What you have to do ::
Without including any images, repeat the data exactly.

======== Given data ========

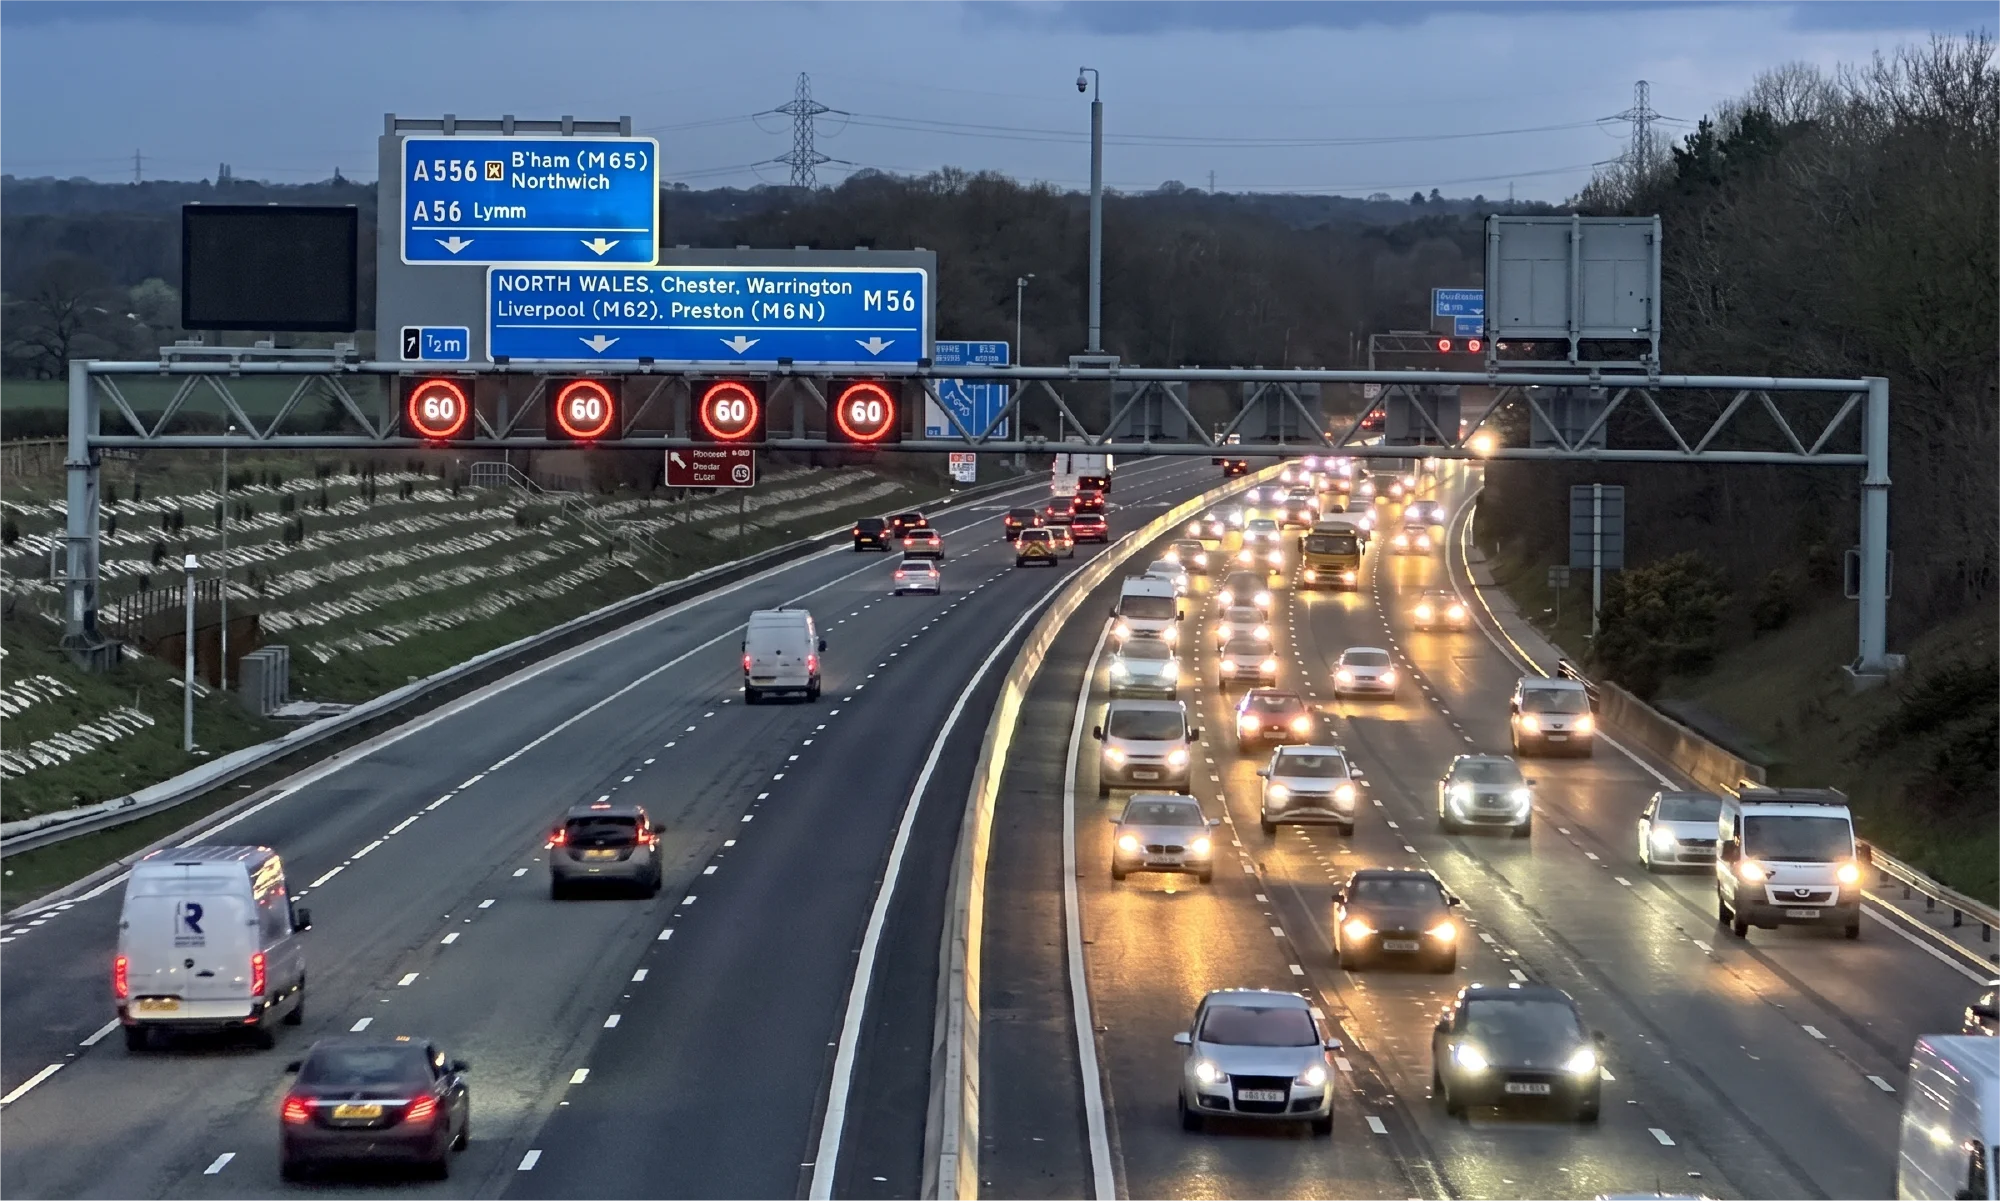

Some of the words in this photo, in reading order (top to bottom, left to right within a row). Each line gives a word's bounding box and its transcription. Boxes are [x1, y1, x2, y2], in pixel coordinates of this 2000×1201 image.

[512, 151, 570, 168] B'ham
[512, 172, 610, 190] Northwich
[413, 200, 462, 222] A56
[474, 202, 527, 221] Lymm
[498, 275, 571, 292] NORTH
[661, 276, 740, 295] Chester,
[747, 277, 853, 297] Warrington
[498, 300, 586, 320] Liverpool
[671, 302, 744, 320] Preston
[864, 290, 915, 312] M56
[424, 396, 454, 420] 60
[571, 398, 601, 421] 60
[715, 399, 746, 422] 60
[851, 400, 881, 423] 60
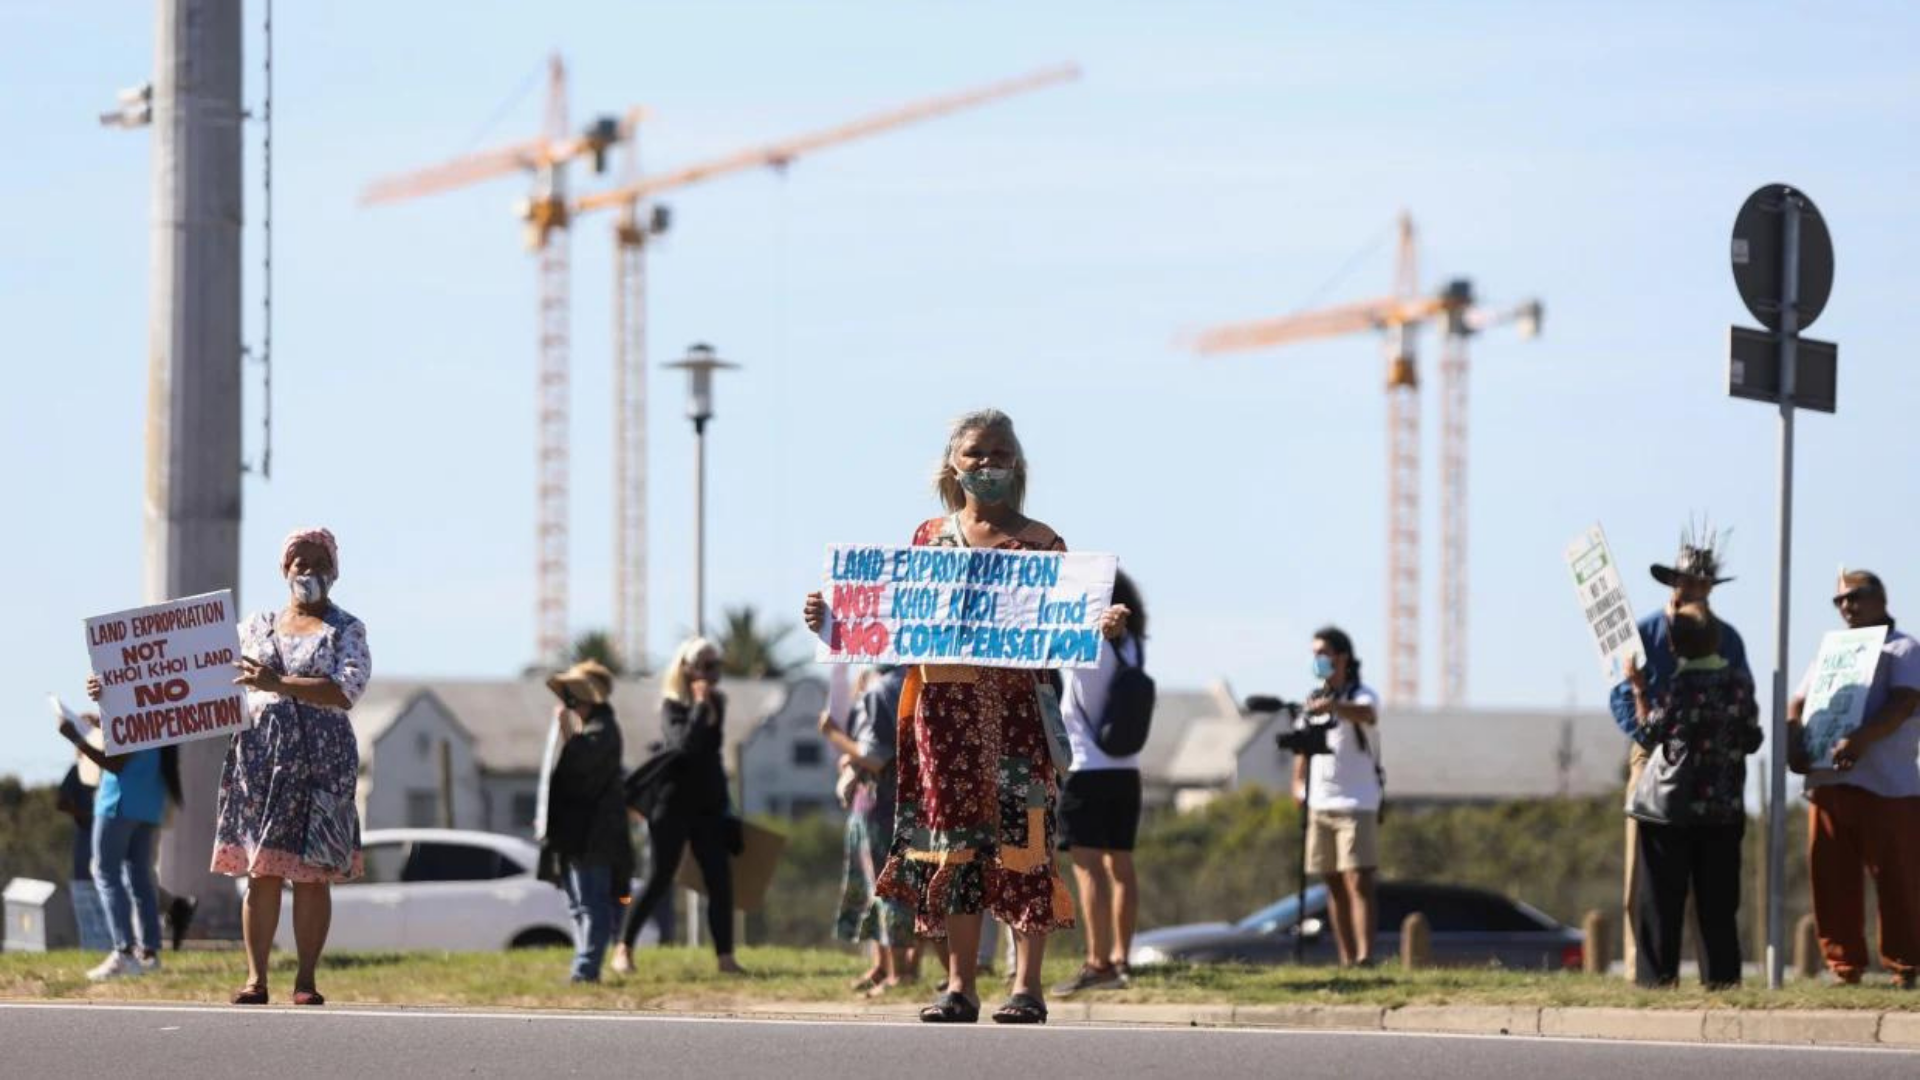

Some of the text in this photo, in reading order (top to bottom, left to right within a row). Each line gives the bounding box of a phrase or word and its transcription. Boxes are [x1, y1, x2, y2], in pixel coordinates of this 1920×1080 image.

[832, 549, 1061, 587] LAND EXPROPRIATION
[90, 600, 225, 646] LAND EXPROPRIATION
[831, 584, 1088, 625] NOT KHOI KHOI land
[121, 639, 168, 666] NOT
[830, 620, 1100, 662] NO COMPENSATION
[103, 648, 233, 686] KHOI KHOI LAND
[134, 678, 190, 708] NO
[111, 695, 242, 746] COMPENSATION

========

Task result ::
Some of the words in this photo, in reading order (top to bottom, left to right within a row). Each line gives a word's bounding box and its transcription. Boxes are [x1, y1, x2, y2], in pixel coordinates of this 2000×1201 image.

[512, 151, 570, 168] B'ham
[512, 172, 610, 190] Northwich
[413, 200, 462, 222] A56
[474, 202, 527, 221] Lymm
[498, 275, 571, 292] NORTH
[661, 276, 740, 295] Chester,
[747, 277, 853, 297] Warrington
[498, 300, 586, 320] Liverpool
[671, 302, 744, 320] Preston
[864, 290, 915, 312] M56
[424, 396, 454, 420] 60
[571, 398, 601, 421] 60
[715, 399, 746, 422] 60
[851, 400, 881, 423] 60

Some of the text in this photo, in reading order (top to bottom, left to right within a row). Each line gives the bounding box of a phrase or word and its transcription. Boxes are [x1, y1, x2, y2], in pixel coordinates of this 1920×1080 image.

[832, 549, 1061, 587] LAND EXPROPRIATION
[90, 600, 225, 646] LAND EXPROPRIATION
[831, 584, 1088, 625] NOT KHOI KHOI land
[121, 639, 168, 666] NOT
[830, 620, 1100, 662] NO COMPENSATION
[103, 648, 233, 686] KHOI KHOI LAND
[134, 678, 190, 708] NO
[111, 695, 242, 746] COMPENSATION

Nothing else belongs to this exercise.